- Conservation status: Near Threatened (IUCN 3.1)

Scientific classification
- Kingdom: Animalia
- Phylum: Chordata
- Class: Aves
- Order: Galliformes
- Family: Phasianidae
- Genus: Pternistis
- Species: P. harwoodi
- Binomial name: Pternistis harwoodi (Blundell & Lovat, 1899)
- Synonyms: Francolinus harwoodi;

= Harwood's spurfowl =

- Genus: Pternistis
- Species: harwoodi
- Authority: (Blundell & Lovat, 1899)
- Conservation status: NT
- Synonyms: Francolinus harwoodi

Species of bird

Harwood's spurfowl (Pternistis harwoodi), also known as Harwood's Francolin, is a species of bird in the family Phasianidae. It is a grey-brown bird with red bill and tail, and red bare skin around the eyes. Both sexes have similar coloring, although the female is paler in color with a more extensive buff belly.

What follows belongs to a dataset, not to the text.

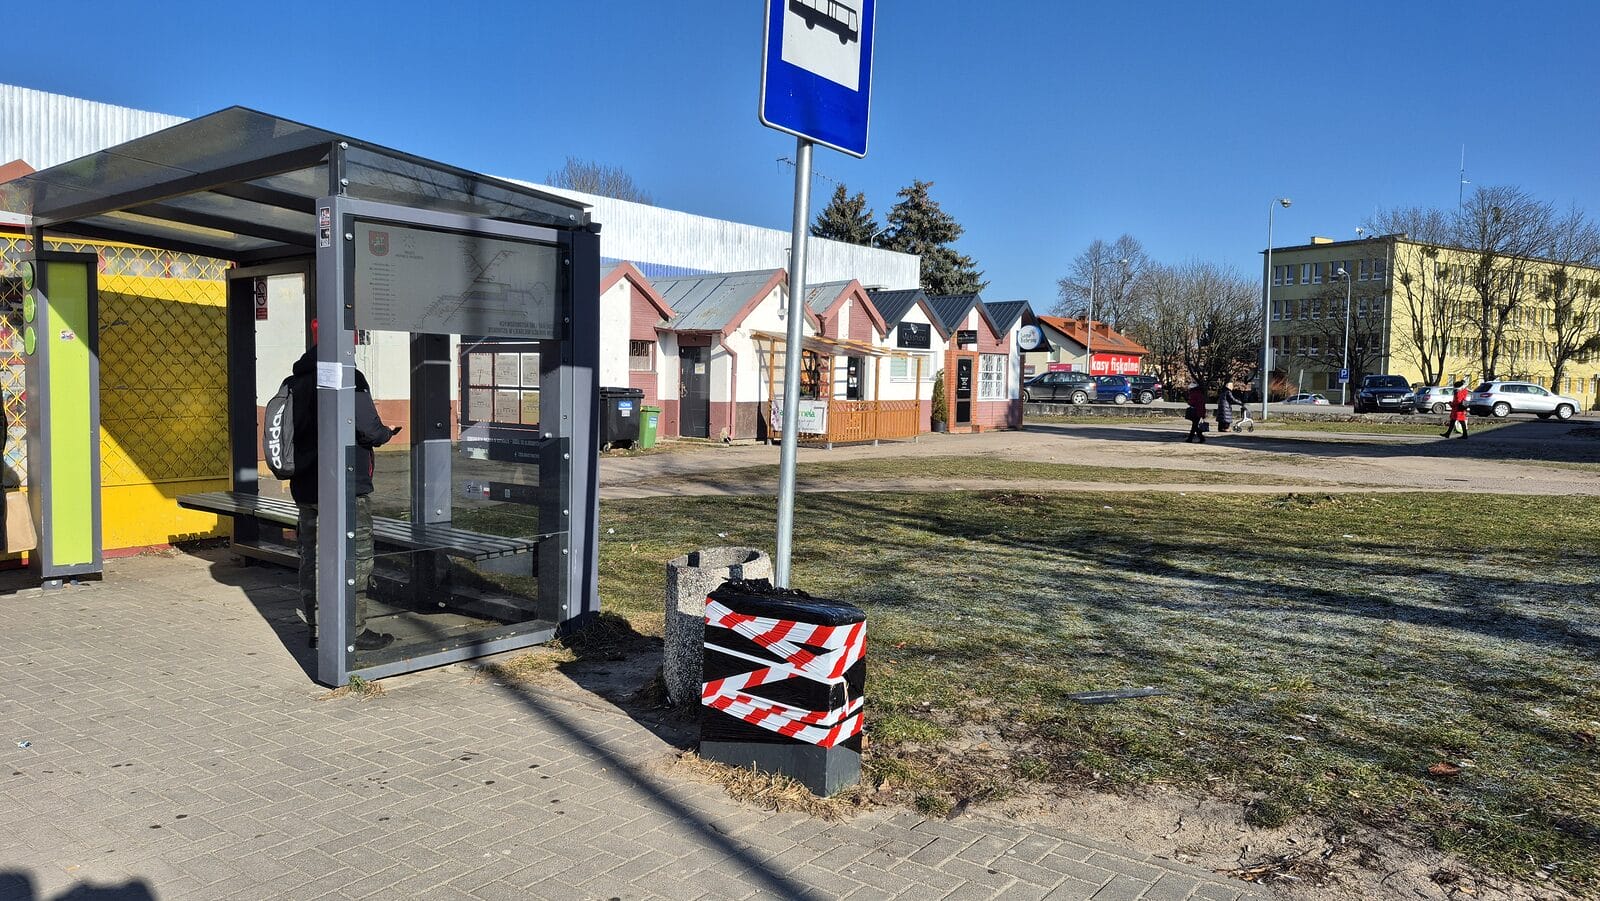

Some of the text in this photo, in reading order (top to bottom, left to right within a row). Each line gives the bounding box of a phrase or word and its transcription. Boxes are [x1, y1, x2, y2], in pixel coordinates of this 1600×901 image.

[1091, 356, 1139, 375] kasy fiskalne
[1340, 369, 1347, 377] P
[269, 404, 285, 470] adidas

This spurfowl is endemic to Ethiopia, having a range restricted to the Ethiopian Highlands on either side of the Blue Nile River between Lake Tana and its confluence with the Jamma River, as well as its tributaries between these points. Originally thought to inhabit Typha beds growing along small, shallow watercourses and acacia thickets, studies in 1996 found Harwood's spurfowl in a site with neither of these. It is threatened by habitat loss as population pressures force locals into the marginal scrublands favored by the bird as its habitat. Harwood's spurfowl is heavily hunted for food and is sometimes also caught for sale at local markets; its eggs are also a food source.

==Taxonomy==
Harwood's spurfowl was described in 1899 by the English ornithologists Herbert Weld Blundell and Simon Fraser, 14th Lord Lovat from a specimen that they had collected in the Aheafeg area of Ethiopia. They coined the binomial name Francolinus harwoodi. The specific epithet was chosen to honour the taxidermist and naturalist Leonard Harwood (fl. 1899). The species is now placed in the genus Pternistis that was introduced by the German naturalist Johann Georg Wagler in 1832. A molecular phylogenetic study published in 2019 found that Harwood's spurfowl is sister to Clapperton's spurfowl. Harwood's spurfowl is considered to be monotypic: no subspecies are recognised.